> [Work to be completed]
Repeat the entire listing below exactly.

----

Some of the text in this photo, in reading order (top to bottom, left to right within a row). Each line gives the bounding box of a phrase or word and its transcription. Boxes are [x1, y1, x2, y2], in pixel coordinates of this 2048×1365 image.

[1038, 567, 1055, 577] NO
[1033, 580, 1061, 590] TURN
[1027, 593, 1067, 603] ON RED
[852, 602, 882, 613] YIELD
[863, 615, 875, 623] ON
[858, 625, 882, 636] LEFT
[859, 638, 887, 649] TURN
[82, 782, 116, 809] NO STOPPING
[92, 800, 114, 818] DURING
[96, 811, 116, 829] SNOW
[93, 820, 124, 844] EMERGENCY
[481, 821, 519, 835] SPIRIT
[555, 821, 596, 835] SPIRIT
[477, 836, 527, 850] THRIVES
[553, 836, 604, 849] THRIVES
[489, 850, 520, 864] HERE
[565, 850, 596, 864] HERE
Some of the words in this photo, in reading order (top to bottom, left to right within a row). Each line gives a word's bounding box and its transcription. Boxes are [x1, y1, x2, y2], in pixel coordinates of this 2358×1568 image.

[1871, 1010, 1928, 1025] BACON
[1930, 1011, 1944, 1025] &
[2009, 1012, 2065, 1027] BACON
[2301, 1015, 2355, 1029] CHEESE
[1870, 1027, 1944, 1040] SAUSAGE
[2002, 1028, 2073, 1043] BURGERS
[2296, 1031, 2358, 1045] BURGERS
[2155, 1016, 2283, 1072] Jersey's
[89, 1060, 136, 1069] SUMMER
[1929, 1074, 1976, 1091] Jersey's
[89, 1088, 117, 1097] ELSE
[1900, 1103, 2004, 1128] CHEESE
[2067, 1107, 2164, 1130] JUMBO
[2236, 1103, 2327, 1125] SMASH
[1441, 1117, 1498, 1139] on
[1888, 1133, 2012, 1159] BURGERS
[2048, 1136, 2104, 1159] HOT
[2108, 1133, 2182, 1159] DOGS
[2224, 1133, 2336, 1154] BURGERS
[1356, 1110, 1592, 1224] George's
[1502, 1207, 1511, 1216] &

----

> [Answer box]
Some of the text in this photo, in reading order (top to bottom, left to right within a row). Each line gives the bounding box of a phrase or word and its transcription. Boxes are [x1, y1, x2, y2], in pixel coordinates of this 2048×1365 image.

[1038, 567, 1055, 577] NO
[1033, 580, 1061, 590] TURN
[1027, 593, 1067, 603] ON RED
[852, 602, 882, 613] YIELD
[863, 615, 875, 623] ON
[858, 625, 882, 636] LEFT
[859, 638, 887, 649] TURN
[82, 782, 116, 809] NO STOPPING
[92, 800, 114, 818] DURING
[96, 811, 116, 829] SNOW
[93, 820, 124, 844] EMERGENCY
[481, 821, 519, 835] SPIRIT
[555, 821, 596, 835] SPIRIT
[477, 836, 527, 850] THRIVES
[553, 836, 604, 849] THRIVES
[489, 850, 520, 864] HERE
[565, 850, 596, 864] HERE
Some of the words in this photo, in reading order (top to bottom, left to right within a row). Each line gives a word's bounding box and its transcription. Boxes are [x1, y1, x2, y2], in pixel coordinates of this 2358×1568 image.

[1871, 1010, 1928, 1025] BACON
[1930, 1011, 1944, 1025] &
[2009, 1012, 2065, 1027] BACON
[2301, 1015, 2355, 1029] CHEESE
[1870, 1027, 1944, 1040] SAUSAGE
[2002, 1028, 2073, 1043] BURGERS
[2296, 1031, 2358, 1045] BURGERS
[2155, 1016, 2283, 1072] Jersey's
[89, 1060, 136, 1069] SUMMER
[1929, 1074, 1976, 1091] Jersey's
[89, 1088, 117, 1097] ELSE
[1900, 1103, 2004, 1128] CHEESE
[2067, 1107, 2164, 1130] JUMBO
[2236, 1103, 2327, 1125] SMASH
[1441, 1117, 1498, 1139] on
[1888, 1133, 2012, 1159] BURGERS
[2048, 1136, 2104, 1159] HOT
[2108, 1133, 2182, 1159] DOGS
[2224, 1133, 2336, 1154] BURGERS
[1356, 1110, 1592, 1224] George's
[1502, 1207, 1511, 1216] &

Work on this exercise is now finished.